Did I mention that I did it for so long that it became part of me?  That I thought I'd run my store in Alameda well into my dotage?  Until the Offer?

The Offer was made to my wife, and it came not from the West, the West we grew up in and knew, but rather the East, the East we had visited and loved, but loved as tourists love places.  Karen was courted for the better part of a year - until the Offer was actually made.  And we had joked about it, mused over it, contemplated it, but didn't think it all the way through until then, until that Offer was made.  And here were two Californians, with two beautiful California kids, who had never believed they would live anywhere but the Golden State - who were suddenly presented with the opportunity to move cross-country.

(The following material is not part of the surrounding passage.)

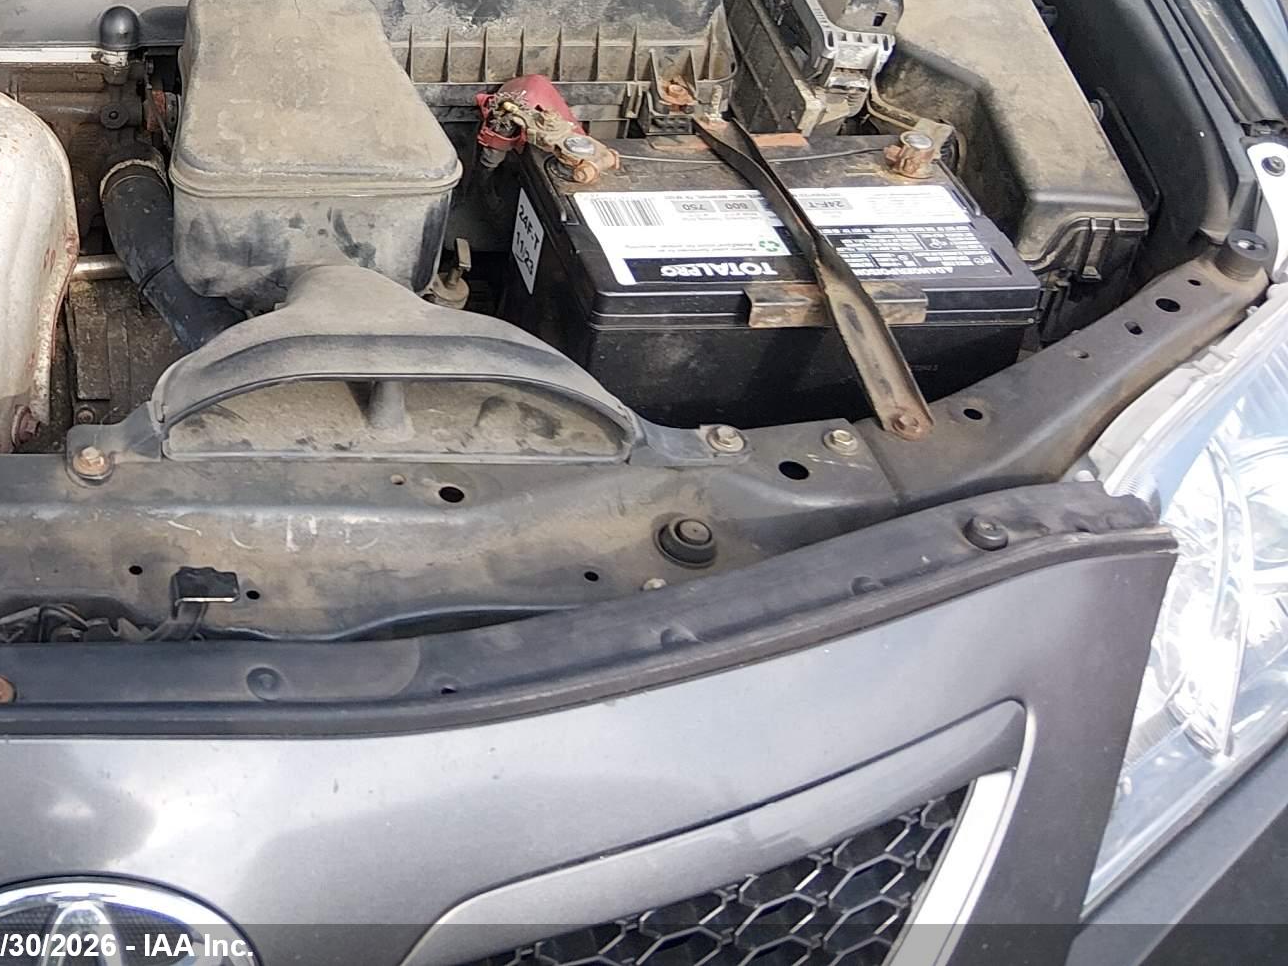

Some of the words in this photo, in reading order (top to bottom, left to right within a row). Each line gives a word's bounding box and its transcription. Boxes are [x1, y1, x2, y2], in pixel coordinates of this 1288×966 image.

[682, 203, 707, 211] 750
[518, 203, 541, 250] 24F-T
[660, 262, 778, 276] TOTALPRO
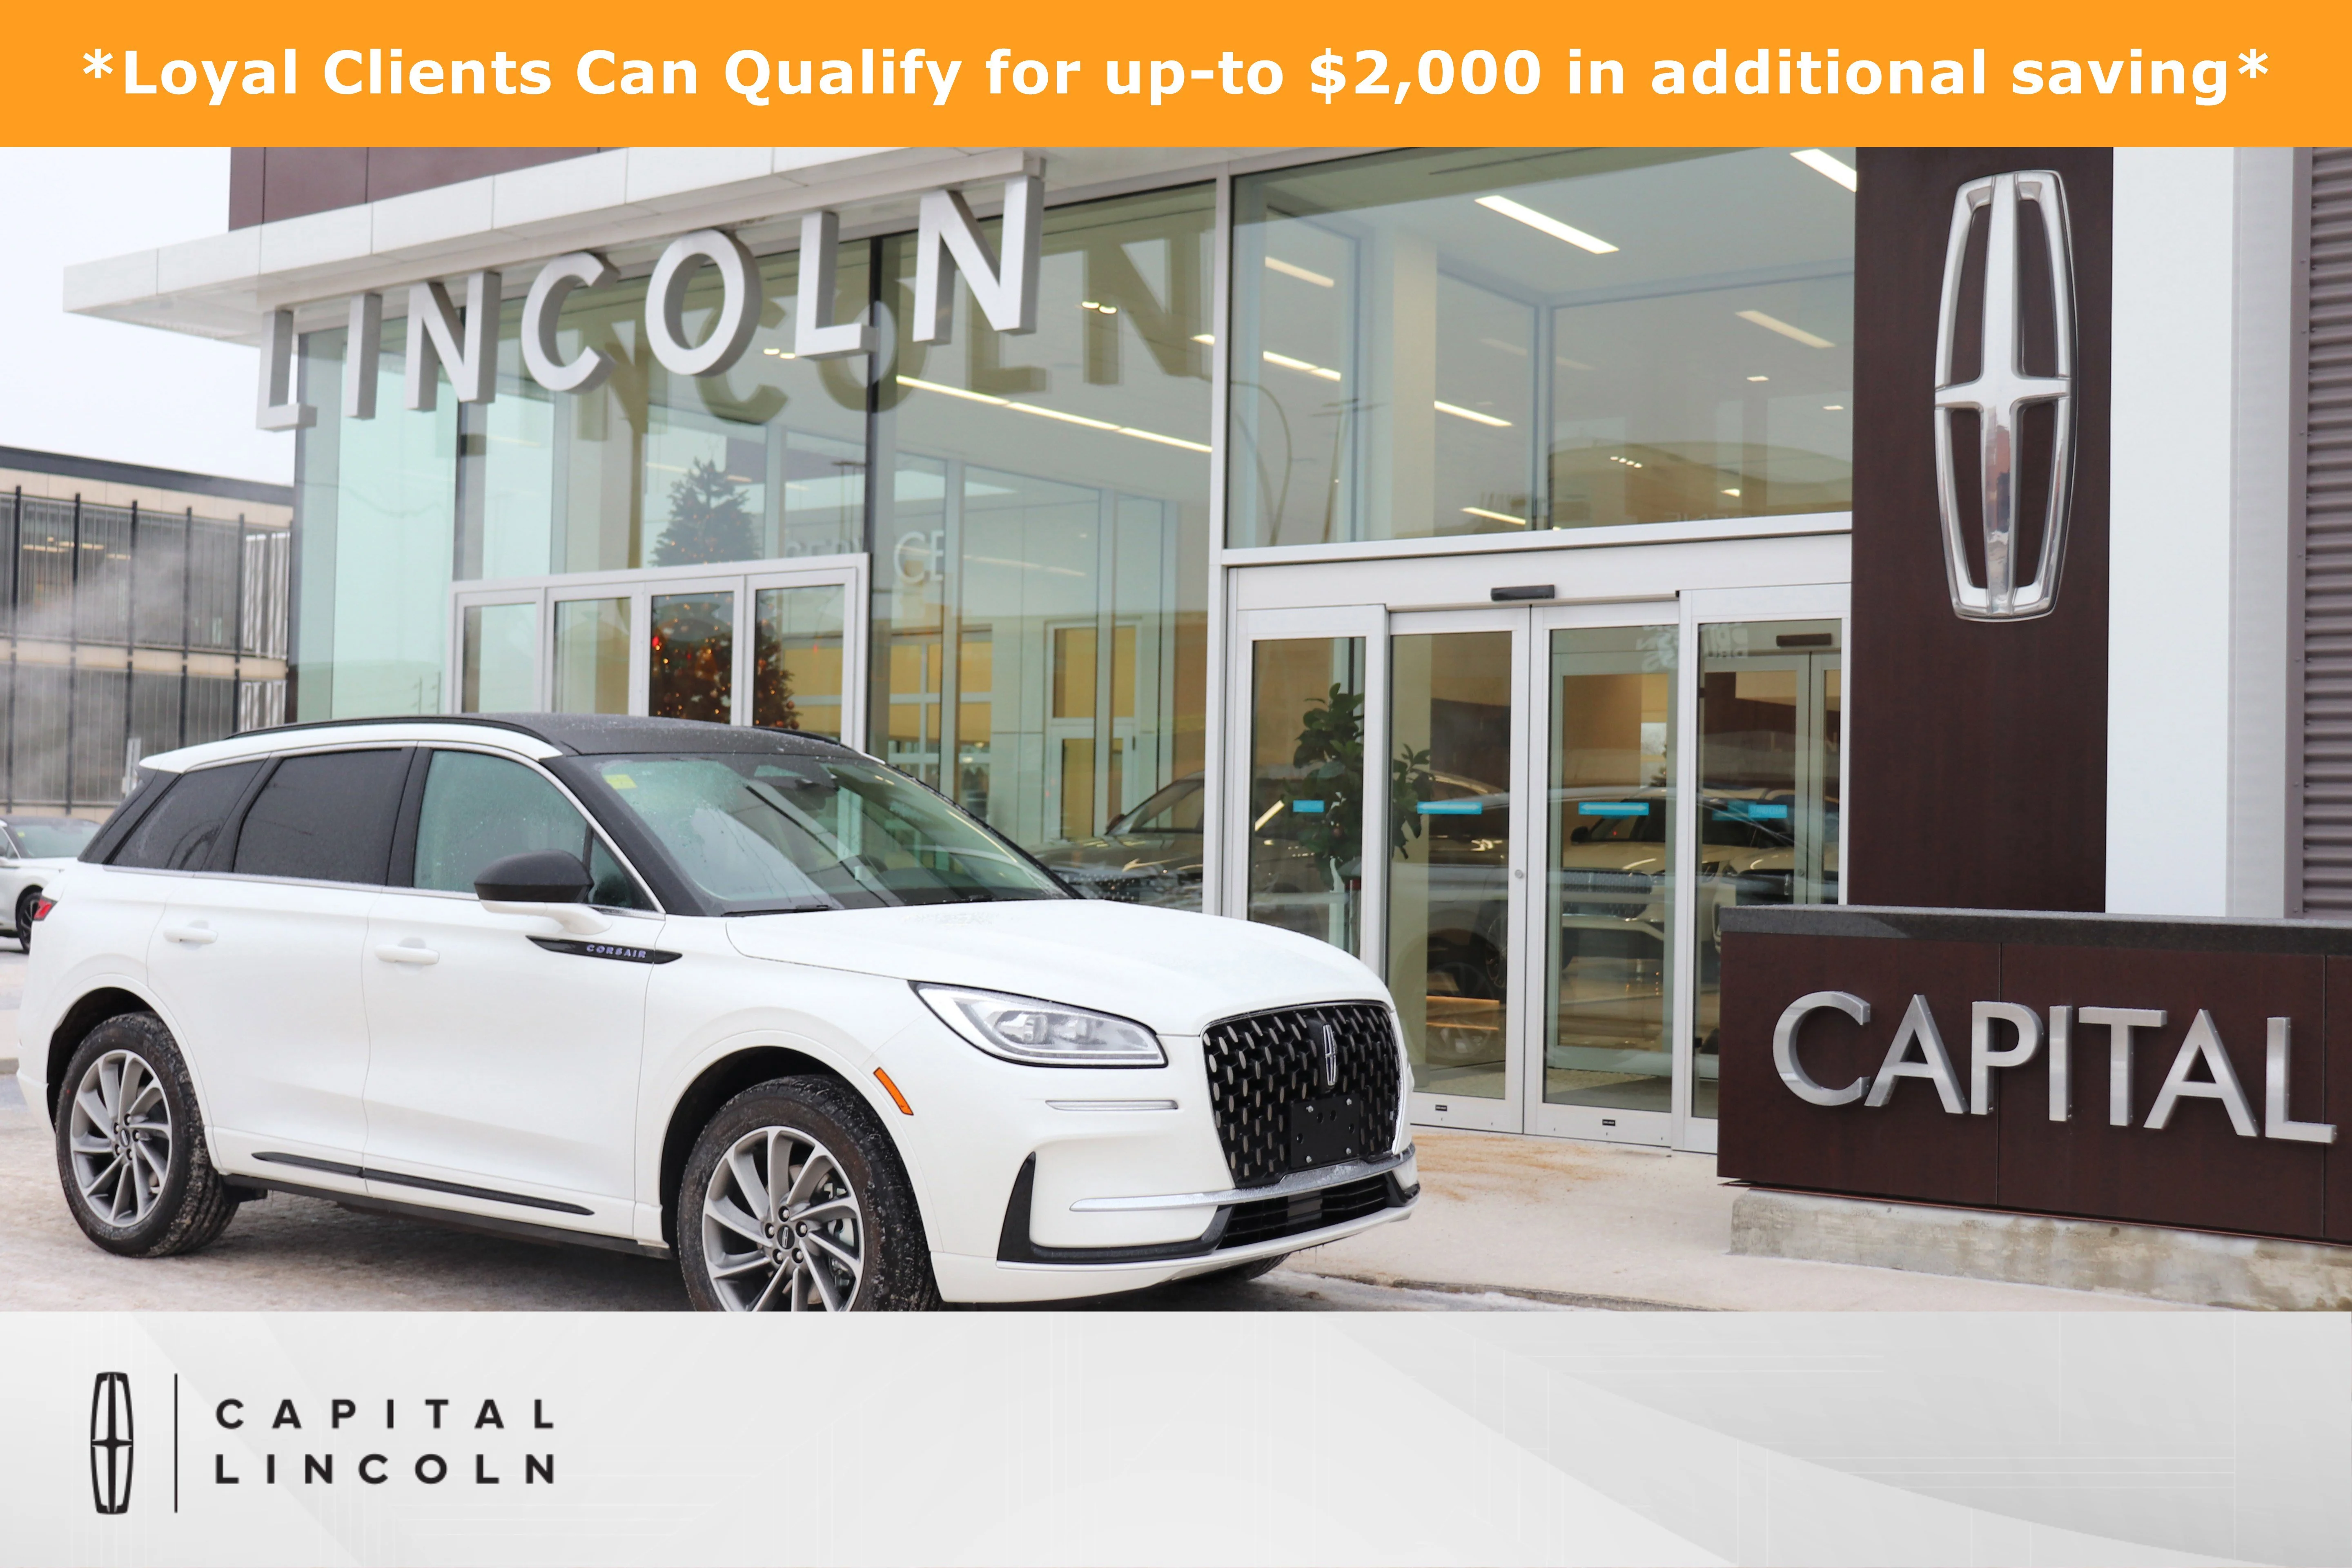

So then we really talked about it.  We'd be giving up so much.  Family and friends.  Our careers here - one in books, one in law.  We'd be asking our beautiful California girls to leave everything they knew, everything, their friends, their schools.  My mom, Karen's parents.  All their family.  Their house, the only home they'd every known.

But the Offer was a good one.  Absolutely an advancement for Karen.  And hell, how many people are given a great chance to remake themselves, truly and absolutely, well after their molds had already been cast?  So we thought about it some more.  Massachusetts was Blue, like California.  Rich in history.  It has my favorite museum in the world, the Gardner.  Poe trod its cobbles.  Boston, like the Bay, has a thriving indie bookstore culture.  So many readers, so many writers.  And the Offer was, yes, a good one.

In the end, we decided to do it, to take advantage of a terrific opportunity in a terrific part of the country.  We'd be swapping one coast for another.  Maybe not a few hundred feet from the water, but close.

I could talk about the toll it would take on our children, but I'll leave that for another time.  I'll selfishly focus on me, training the spotlight on myself as is my hoggish habit.  Not talk about their tears, and their fears.  Not dwell on the comments after we'd moved--

Don't keep saying this was a family decision, this was your decision.

This isn't my home, this is just a house I live in.

--not dwell on those words, instead cling to the idea that kids are resilient, as we were told time and again.  I made a move like that, others offered.  I hated it at first, but ended up loving it.

It's a good age, it's not like they're in high school.

Kids are resilient. 

Kids are resilient.

Kids are resilient.

We decided, Karen and I, that the good outweighed the bad, and that the good was really really good, and so we'd roll these very important dice in this game of chance.  We'd keep our home there and try and find one here.

In all of our talking, and decision-making, I knew the impact I felt would be deep (there I go, narcissistic me), and I tried to envision its scope, tried to picture what it would feel like to give up talking to customers, going to dinners, introducing authors, working with a great team - for great people - all the perks that doing one thing for almost 20 years could bestow upon you...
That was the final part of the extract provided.